Tuesday, March 27, 2007

Dark Matter

I love the Science Times. If it weren't for the newsprint that gets all over my fingers and adds to the general feeling of disgustingness I have when I arrive at work I would pick it up every Tuesday on my way to the subway.

Instead I try to read it online, and today I'm glad that I did.
This article discussing what happens when grad students go crazy and kill their professors highlights the uncomfortable experience of being beholden to your advisor and having your success, and at times entire happiness, wrapped up in his or her approval.

And advisers aren't always the most humble or encouraging of individuals. One faculty member I knew in grad school would force his students to prepare posters for national meetings and departmental retreats on nights and weekends and then would randomly pull their presentations from the agenda with little or no explanation.


The sad part? He was a really nice guy to the grad students who weren't in his lab; we had no idea what a jerk he was until one of our classmates joined his lab.

The really sad part? He was given tenure and continues to oppress and mistreat his lab members to this day.

If the tenure system rewards people like that, why would someone who's decent and treats his or her students well ever want to be a faculty member? Search me! But luckily I worked with one.
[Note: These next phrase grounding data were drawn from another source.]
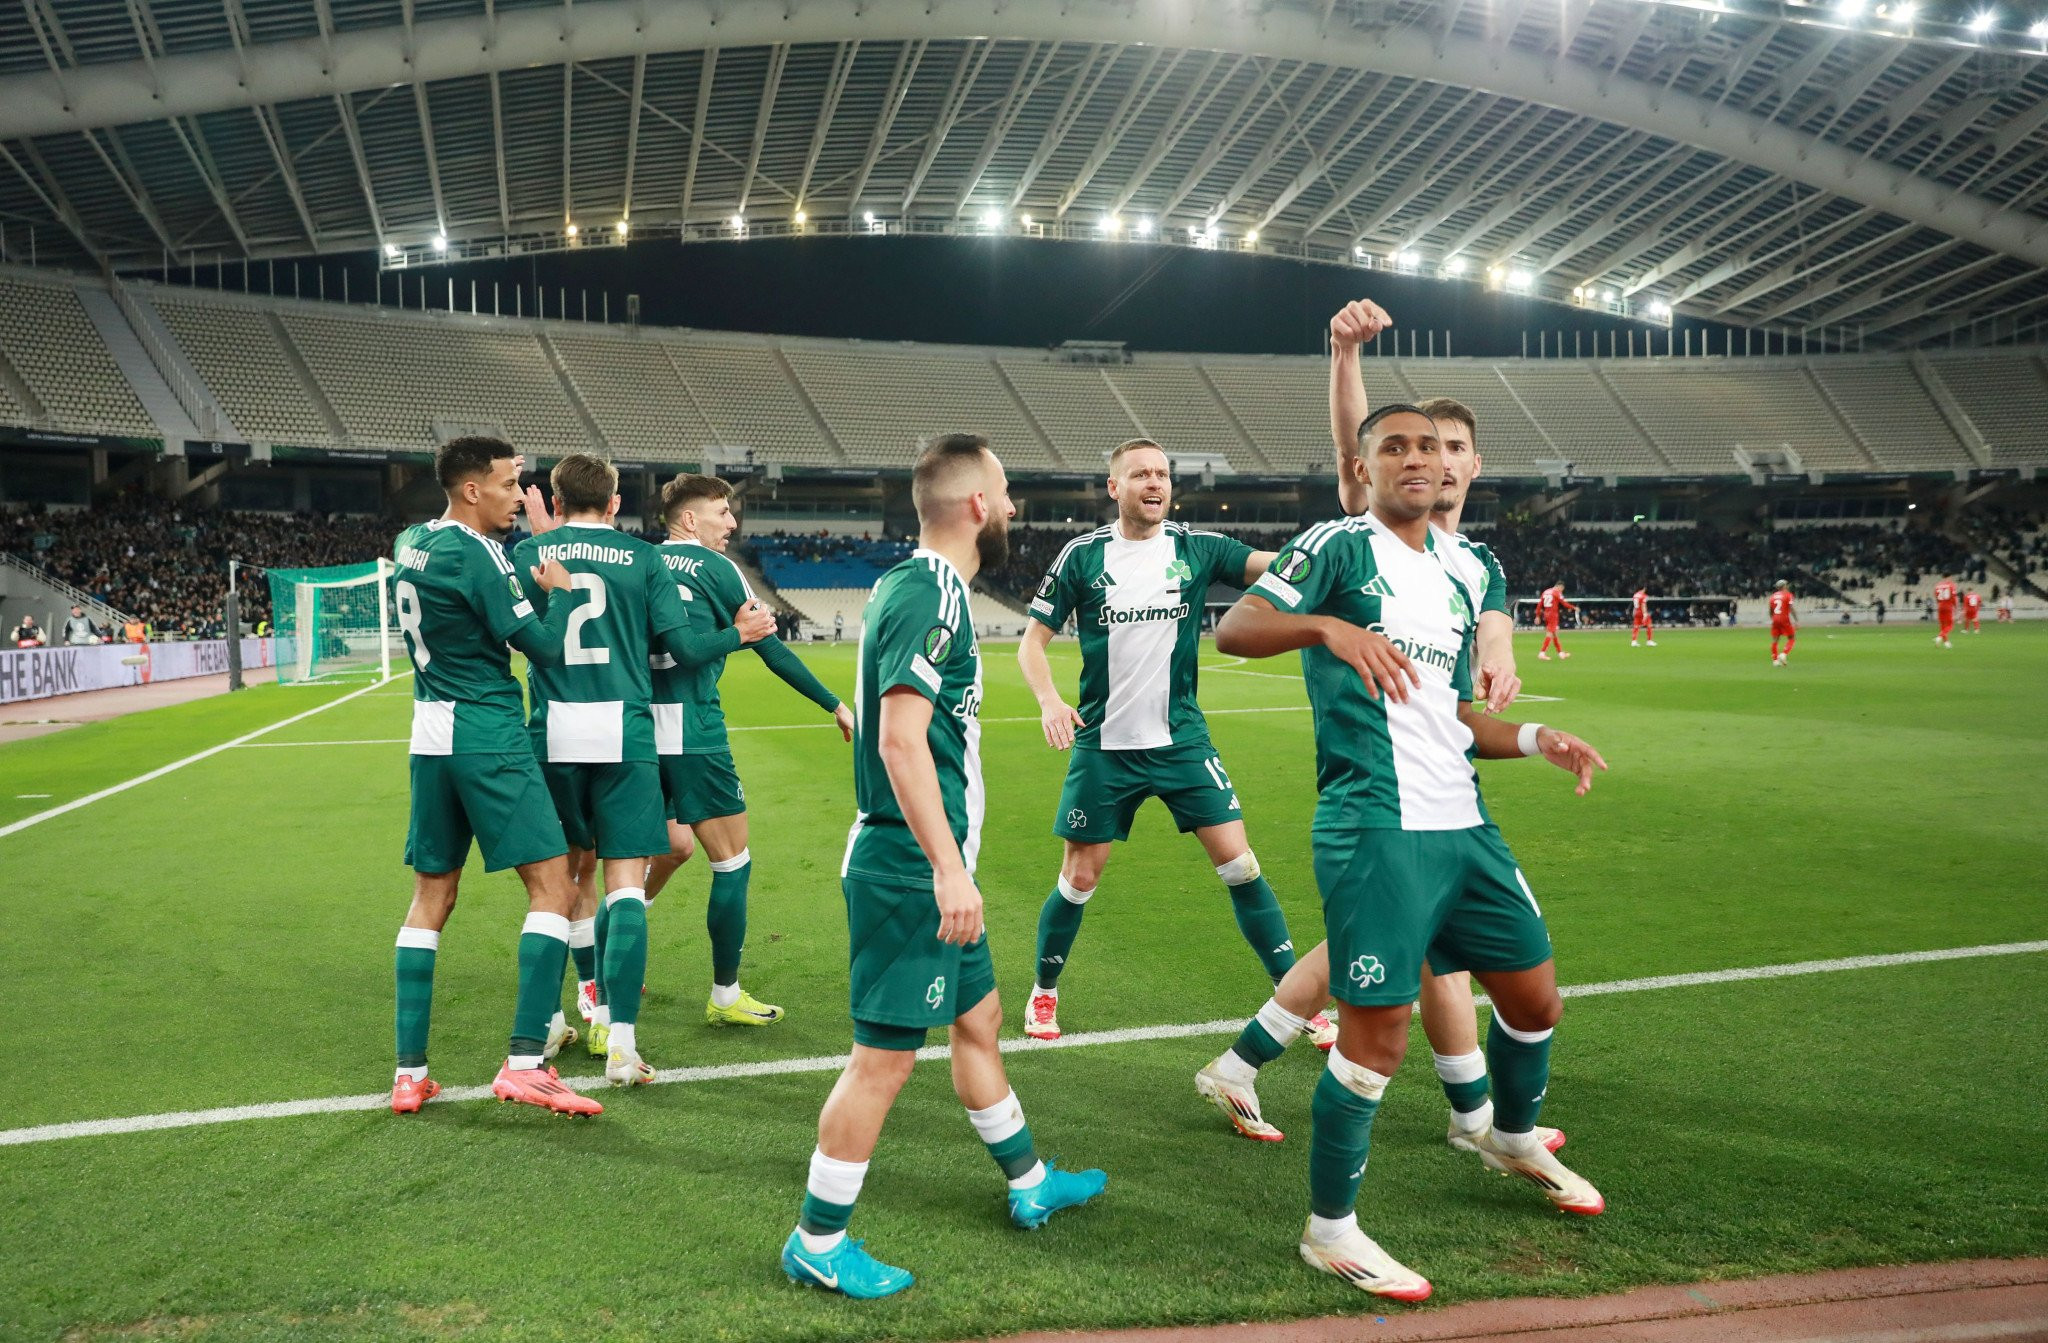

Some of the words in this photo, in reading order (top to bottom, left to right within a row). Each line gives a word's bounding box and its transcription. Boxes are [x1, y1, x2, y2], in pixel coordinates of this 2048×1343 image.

[538, 543, 634, 566] VAGIANNIDIS
[564, 572, 610, 666] 2
[1099, 603, 1189, 626] Stoiximan
[1773, 599, 1783, 615] 2
[193, 643, 213, 672] THE
[213, 643, 230, 671] BAN
[1366, 622, 1457, 673] oixima
[0, 654, 27, 699] HE
[32, 650, 78, 695] BANK
[1204, 756, 1232, 791] 15
My advisor was a relatively new faculty member when I joined her lab in the last millennium. She got to know her lab members, invited us to her house for parties and took us out for lunches to celebrate successful paper and grant submissions.

But she's definitely in the minority, though for the life of me I can't understand why. Much as I was troubled by the reports of violence against PhD advisers in the Times article today, after viewing life in other labs at my graduate school and others, I think the tenure system provides no incentive to treat graduate students any better.